TASK TO COMPLETE: Within the listing below, filter for "phrase" and copy every matching line.

THE DATA:
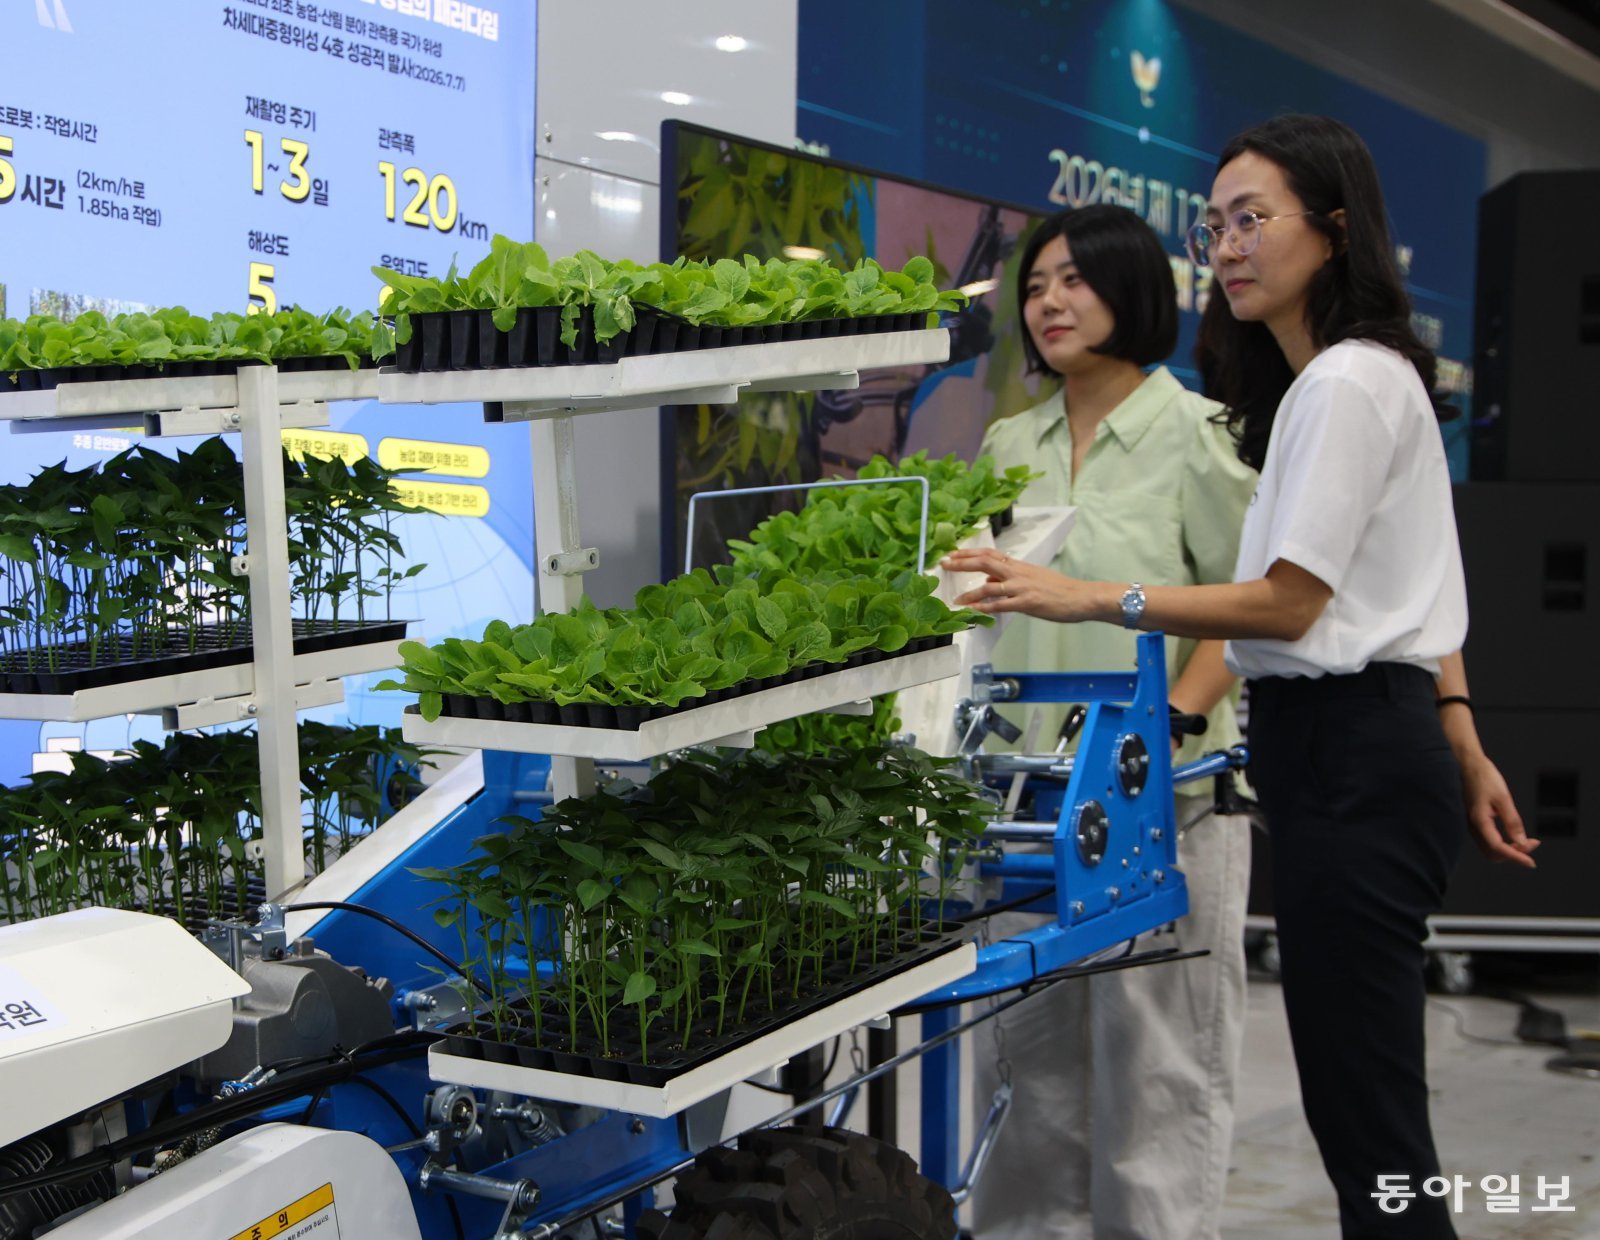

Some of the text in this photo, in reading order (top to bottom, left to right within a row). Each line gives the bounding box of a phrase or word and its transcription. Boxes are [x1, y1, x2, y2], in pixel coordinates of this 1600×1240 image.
---
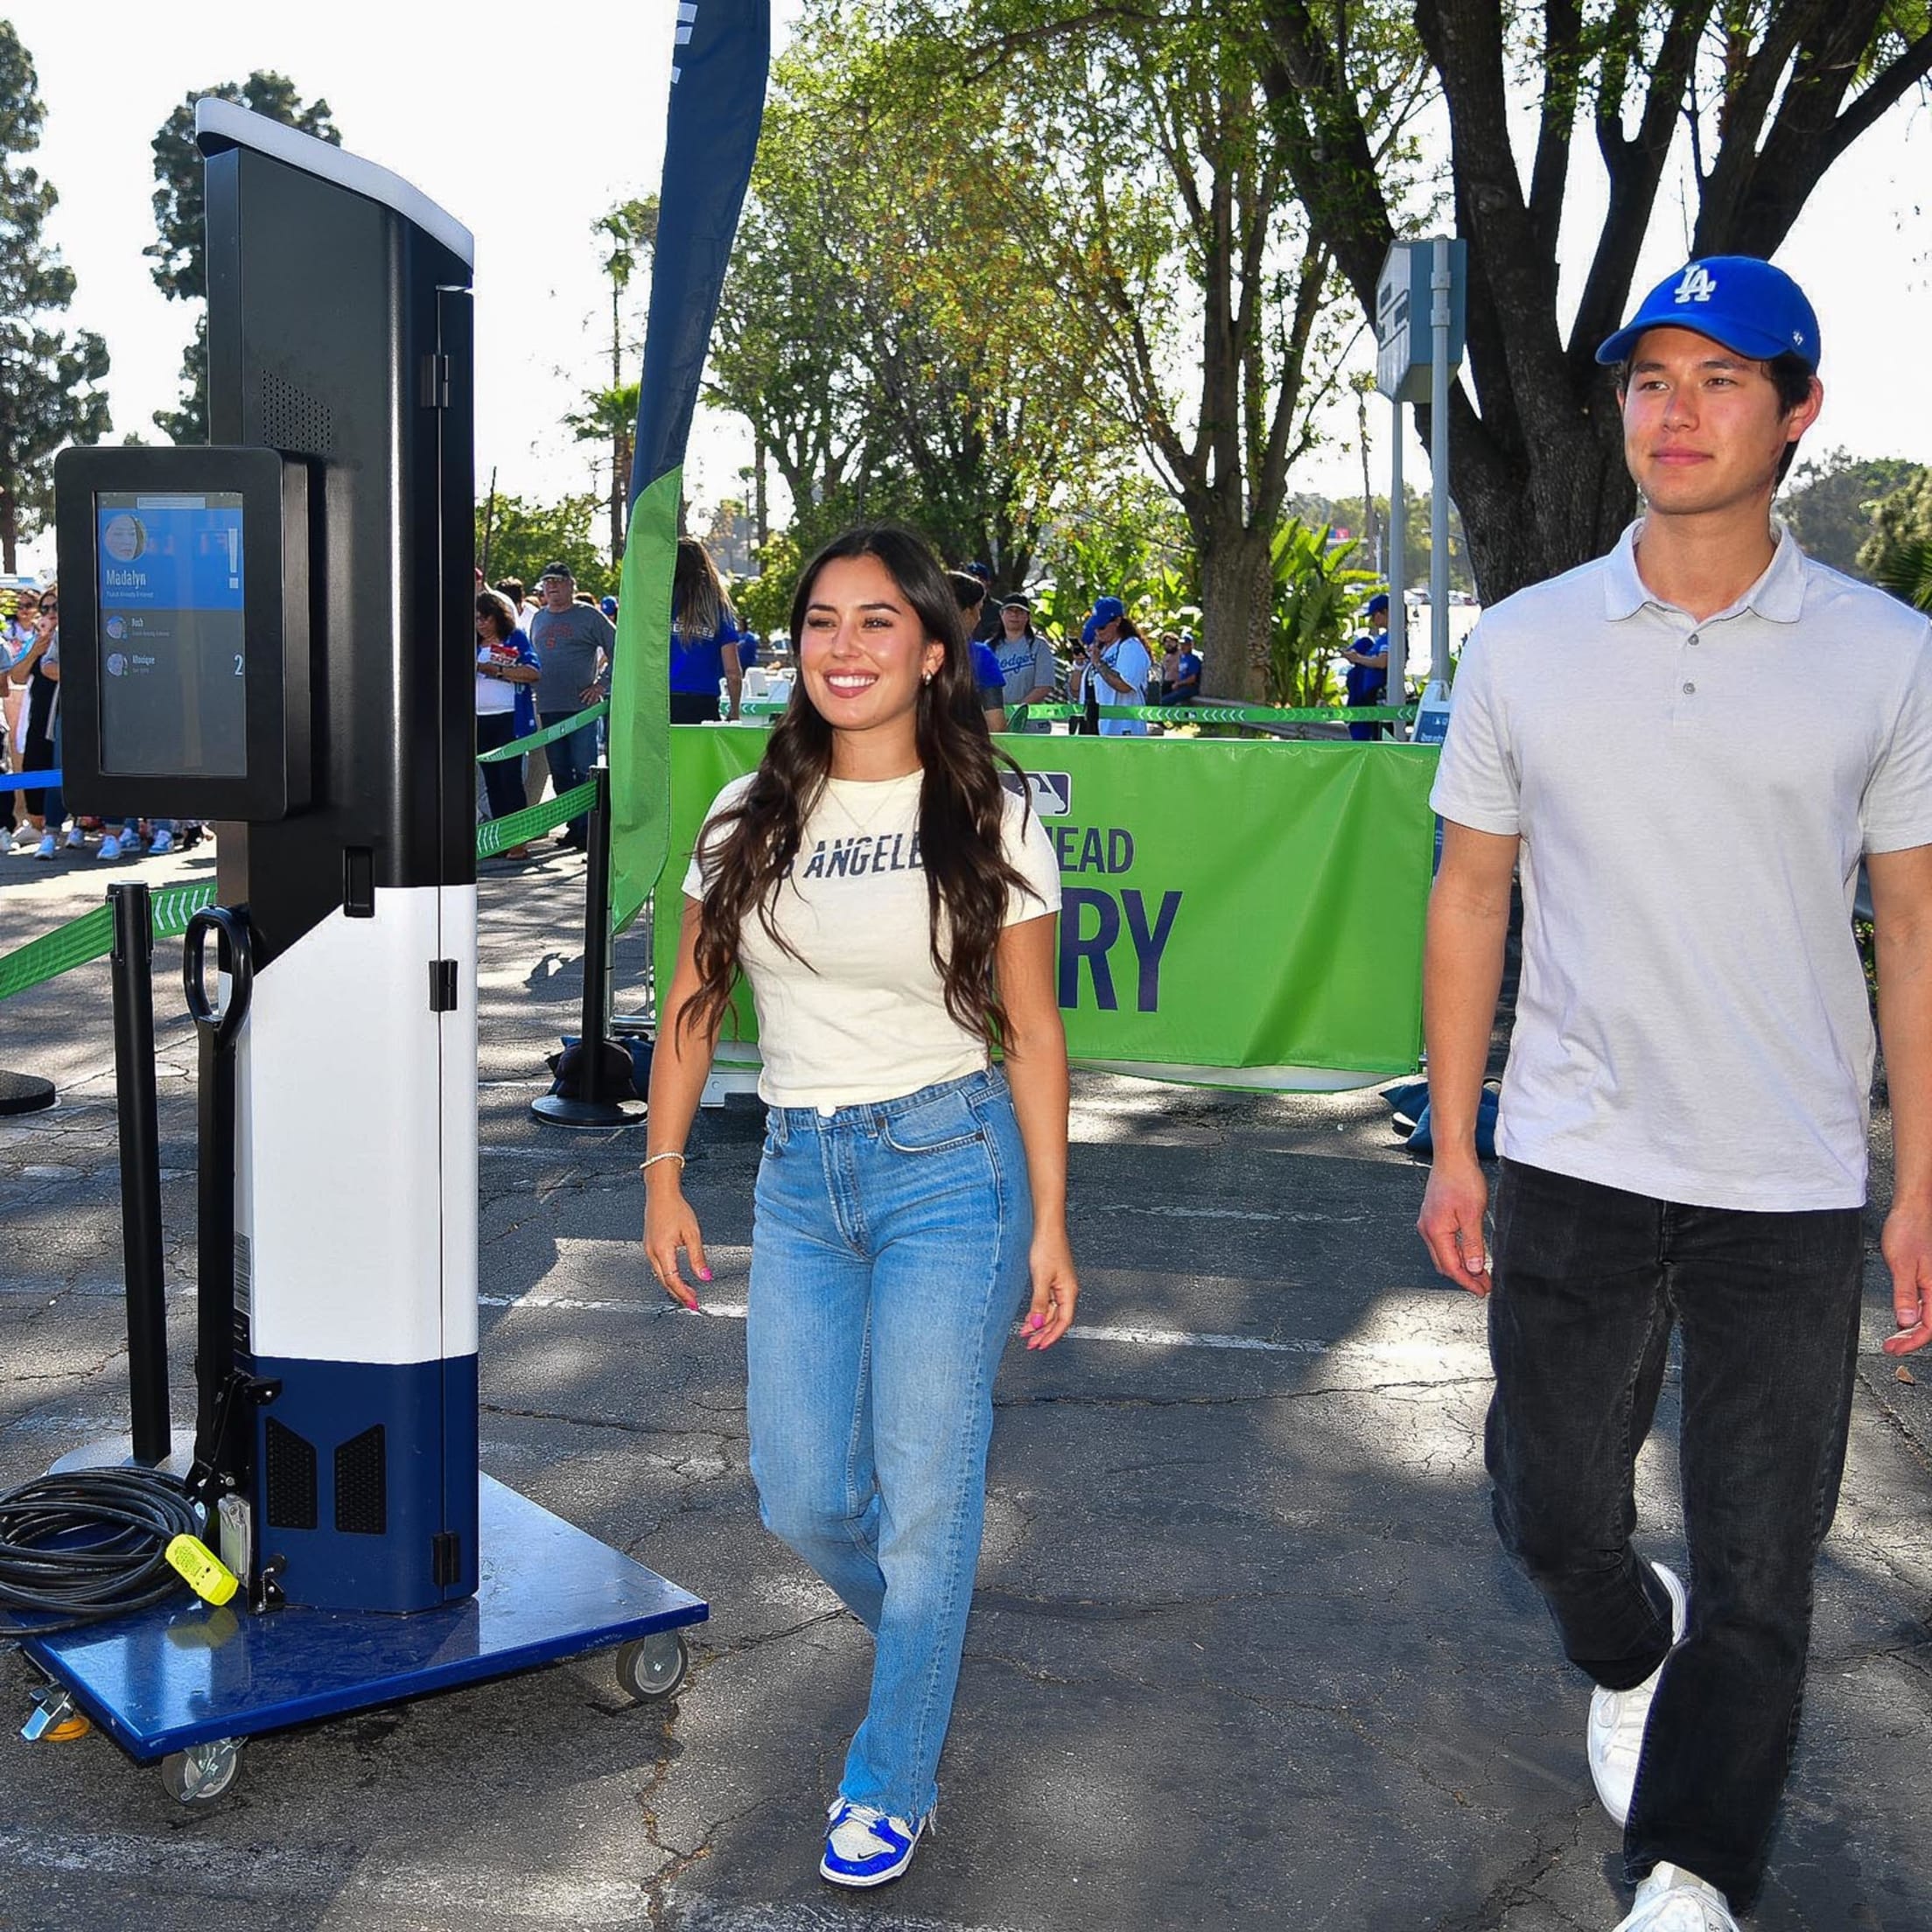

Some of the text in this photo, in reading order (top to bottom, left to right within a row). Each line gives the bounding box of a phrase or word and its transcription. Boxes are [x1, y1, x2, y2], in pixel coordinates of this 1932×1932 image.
* * *
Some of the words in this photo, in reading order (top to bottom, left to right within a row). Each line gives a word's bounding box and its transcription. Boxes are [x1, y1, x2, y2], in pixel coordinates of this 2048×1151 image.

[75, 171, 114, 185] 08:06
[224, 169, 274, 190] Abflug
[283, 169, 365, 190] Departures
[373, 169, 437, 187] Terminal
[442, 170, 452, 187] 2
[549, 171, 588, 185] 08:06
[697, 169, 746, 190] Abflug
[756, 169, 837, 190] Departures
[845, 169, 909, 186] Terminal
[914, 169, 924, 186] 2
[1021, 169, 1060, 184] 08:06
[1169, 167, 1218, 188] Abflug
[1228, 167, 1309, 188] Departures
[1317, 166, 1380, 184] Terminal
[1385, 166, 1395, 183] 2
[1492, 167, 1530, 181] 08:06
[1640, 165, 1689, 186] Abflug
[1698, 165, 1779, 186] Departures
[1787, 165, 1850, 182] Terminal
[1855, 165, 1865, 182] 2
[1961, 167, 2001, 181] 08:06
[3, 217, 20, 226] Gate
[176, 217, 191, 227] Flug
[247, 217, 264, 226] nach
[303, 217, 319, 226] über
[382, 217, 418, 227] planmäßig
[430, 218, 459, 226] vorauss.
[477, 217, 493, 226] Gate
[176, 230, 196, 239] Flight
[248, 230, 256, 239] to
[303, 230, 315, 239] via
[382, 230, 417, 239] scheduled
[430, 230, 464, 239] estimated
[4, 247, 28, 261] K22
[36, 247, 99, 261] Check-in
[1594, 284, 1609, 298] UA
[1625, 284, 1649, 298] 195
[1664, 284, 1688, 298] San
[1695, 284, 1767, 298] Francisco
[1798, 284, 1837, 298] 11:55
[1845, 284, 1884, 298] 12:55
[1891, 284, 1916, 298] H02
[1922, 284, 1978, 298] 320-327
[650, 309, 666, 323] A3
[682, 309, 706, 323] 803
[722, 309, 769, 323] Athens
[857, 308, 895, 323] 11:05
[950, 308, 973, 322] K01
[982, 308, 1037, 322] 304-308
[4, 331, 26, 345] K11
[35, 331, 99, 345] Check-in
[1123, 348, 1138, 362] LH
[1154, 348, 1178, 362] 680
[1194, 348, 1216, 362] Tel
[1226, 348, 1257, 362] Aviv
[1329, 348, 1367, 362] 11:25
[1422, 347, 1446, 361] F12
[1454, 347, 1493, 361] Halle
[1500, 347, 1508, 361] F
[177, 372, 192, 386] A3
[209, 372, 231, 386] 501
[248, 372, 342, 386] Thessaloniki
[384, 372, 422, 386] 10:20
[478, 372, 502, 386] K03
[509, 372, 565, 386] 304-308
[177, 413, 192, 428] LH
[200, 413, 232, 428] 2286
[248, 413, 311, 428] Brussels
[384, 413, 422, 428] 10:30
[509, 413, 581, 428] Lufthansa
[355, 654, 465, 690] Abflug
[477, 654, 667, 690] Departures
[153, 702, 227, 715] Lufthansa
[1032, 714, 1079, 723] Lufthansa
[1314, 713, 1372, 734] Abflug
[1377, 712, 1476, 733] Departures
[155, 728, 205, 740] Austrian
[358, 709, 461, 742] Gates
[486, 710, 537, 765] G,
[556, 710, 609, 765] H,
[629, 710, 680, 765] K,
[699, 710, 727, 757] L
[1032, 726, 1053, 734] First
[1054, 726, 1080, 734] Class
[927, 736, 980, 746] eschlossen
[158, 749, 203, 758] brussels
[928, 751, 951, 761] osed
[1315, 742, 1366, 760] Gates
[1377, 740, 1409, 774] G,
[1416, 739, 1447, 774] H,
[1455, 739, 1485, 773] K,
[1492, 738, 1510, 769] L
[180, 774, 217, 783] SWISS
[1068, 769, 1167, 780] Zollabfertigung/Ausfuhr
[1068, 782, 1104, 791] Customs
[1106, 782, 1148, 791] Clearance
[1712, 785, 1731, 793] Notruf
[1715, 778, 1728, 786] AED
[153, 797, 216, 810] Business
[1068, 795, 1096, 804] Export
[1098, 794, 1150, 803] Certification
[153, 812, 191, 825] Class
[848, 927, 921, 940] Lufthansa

RESPONSE:
Some of the text in this photo, in reading order (top to bottom, left to right within a row). Each line gives the bounding box of a phrase or word and its transcription. Boxes are [x1, y1, x2, y2], in pixel coordinates of this 1600×1240 image.
Some of the text in this photo, in reading order (top to bottom, left to right within a row). Each line gives the bounding box of a phrase or word and its transcription. Boxes are [x1, y1, x2, y2], in pixel coordinates of this 1932×1932 image.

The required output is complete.